To determine whether the regulatory elements identified by transfection into cell lines represent functional regulatory elements in vivo, the bacterial lacZ gene was used to create an mGATA-3 regulatory sequence-directed transgene. When injected into fertilized mouse eggs, this transgene recapitulates the normal mGATA-3 expression profile almost entirely, including expression in cranial and sympathetic ganglia, dorsal root ganglia, spinal cord, retina, somites and vomeronasal organ. The most notable exception to the in vivo mRNA expression pattern is the absence of β-gal staining in the midbrain, and we therefore conclude that this transgene does not contain the full complement of regulatory sequences required for complete transcriptional control of mGATA-3. We are currently examining other segments of the locus to reconstruct the complete regulatory pattern of mGATA-3 transcription, and are also extending these observations using anti-mGATA-3 antisera to determine whether GATA-3 expression in the CNS might be post-transcriptionally controlled (M. E. R., unpublished observations).
Since mGATA-3 displays a complex pattern of expression during development and since the trangenic embryos represent transiently analyzed animals examined at different days of gestation, these initial transgenic studies must be interpreted with considerable caution. However, each of the transgenic embryos displayed staining patterns that are similar to those resolved by mRNA in situ hybridization analysis at comparable stages, and each also showed an expression pattern that was developmentally consistent from animal to animal. These initial results therefore indicate that the segment of the mGATA-3 locus from nt —2052 to +1004 is necessary, but not sufficient, to recapitulate accurately the endogenous mGATA-3 transcription pattern.

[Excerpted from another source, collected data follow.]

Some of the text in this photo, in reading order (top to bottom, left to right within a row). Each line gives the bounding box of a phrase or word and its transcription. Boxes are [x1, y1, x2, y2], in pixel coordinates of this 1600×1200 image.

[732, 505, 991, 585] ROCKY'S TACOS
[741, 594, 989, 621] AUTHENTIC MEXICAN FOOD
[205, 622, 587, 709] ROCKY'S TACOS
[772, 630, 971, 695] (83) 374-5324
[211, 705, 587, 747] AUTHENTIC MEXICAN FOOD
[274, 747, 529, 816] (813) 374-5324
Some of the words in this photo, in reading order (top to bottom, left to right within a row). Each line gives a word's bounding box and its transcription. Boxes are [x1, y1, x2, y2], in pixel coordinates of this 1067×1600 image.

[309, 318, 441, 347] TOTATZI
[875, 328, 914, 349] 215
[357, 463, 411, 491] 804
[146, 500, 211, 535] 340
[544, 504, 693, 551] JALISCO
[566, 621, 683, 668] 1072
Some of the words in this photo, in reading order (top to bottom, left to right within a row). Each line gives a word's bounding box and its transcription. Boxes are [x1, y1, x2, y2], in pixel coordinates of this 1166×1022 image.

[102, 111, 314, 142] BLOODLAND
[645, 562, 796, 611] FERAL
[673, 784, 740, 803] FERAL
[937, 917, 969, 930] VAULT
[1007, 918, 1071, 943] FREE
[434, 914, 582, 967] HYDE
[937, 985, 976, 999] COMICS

As with all transgenic analysis, position effects and mosaicism in founder embryos must be accounted for, and thus further analysis of transcriptional regulation of mGATA-3 using established lines to refine the activity of identified elements (e.g. in the PNS and kidney), as well as to identify currently undefined elements (e.g. in the CNS), appears to be clearly warranted.
ACKNOWLEDGEMENTS
We thank T. Jessel (Columbia Univ.) and R. Holmgren and members of their laboratories for patient instruction in in situ hybridization techniques, and Linda Ko, Kim-Chew Lim, Zhuoying Yang, Ellise Estes, Bernard Mirkin and Paul Ting for technical advise and assistance at various stages of this work. This work was supported by NIH NRSA predoctoral and MSTP traineeships to Northwestern University (GM 08061, K. M. G.; GM 08152, K. H. L.), postdoctoral fellowships from the American Cancer Society (M. E. R.) and the Leukemia Society of America (M. W. L.), a NATO Collaborative Research Grant (CRG.921110) to F. G. and J. D. E., and a research grant from the NIH (GM 28896; J. D. E.).